Electrochemical energy storage devices
摘要
說明書
Conventional batteries, for the most part, are comprised of liquids and/or gels, which do not lend themselves to precision manufacturing or extreme reductions in scale, and which may be subject to leakage and/or evaporation and may require external containment vessels.
Conventional batteries do not thrive in extreme temperature environments. With the exception of the small subset of high temperature batteries, such as sodium sulfur and lithium sulfur types, almost none can endure temperatures of even a hundred degrees Celsius, while operation at zero degrees Celsius and below results in greatly diminished capacity and sluggish performance.

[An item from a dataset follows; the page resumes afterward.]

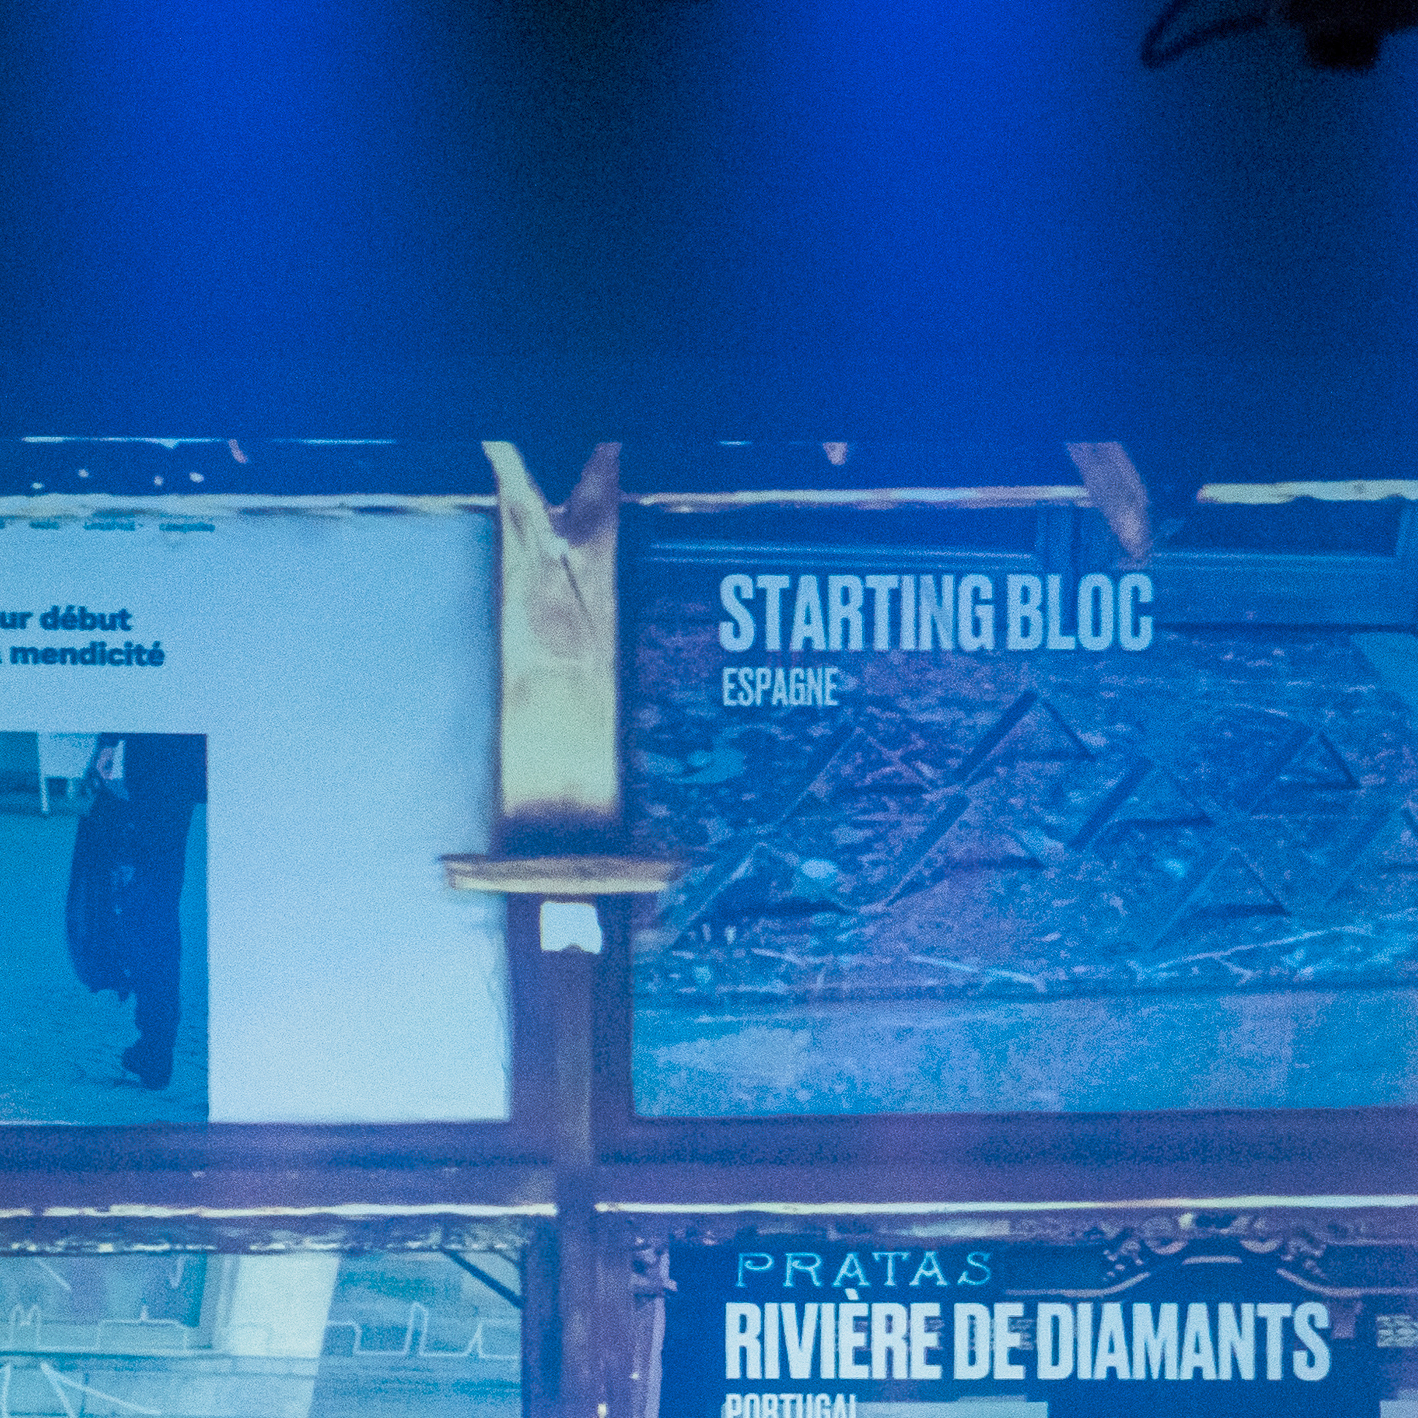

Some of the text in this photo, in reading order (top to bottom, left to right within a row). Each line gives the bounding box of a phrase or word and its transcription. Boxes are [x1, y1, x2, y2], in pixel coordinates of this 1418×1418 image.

Conventional batteries are low voltage devices, with about 4 volts representing the maximum operating potential of any established chemistry, and 2 volts or less being more representative. Such a voltage range is impractically low for many applications, and thus battery manufacturers must resort to connecting a number of individual cells in series to achieve higher voltages. Balancing such series of cells can be difficult due to normal cell-to-cell variation in electrical output. Individual cell failure can also result in lost capacity and diminished usability.
Most of the established conventional battery chemistries appear to be approaching the ends of their respective development cycles and have been subject to diminishing returns in terms of performance improvements.
Such deficiencies are attributable both to the chemistries themselves, the design and articulation of the electrodes and their interface with the electrolyte material, and with the way that traditional fabrication techniques have tended to dictate architecture.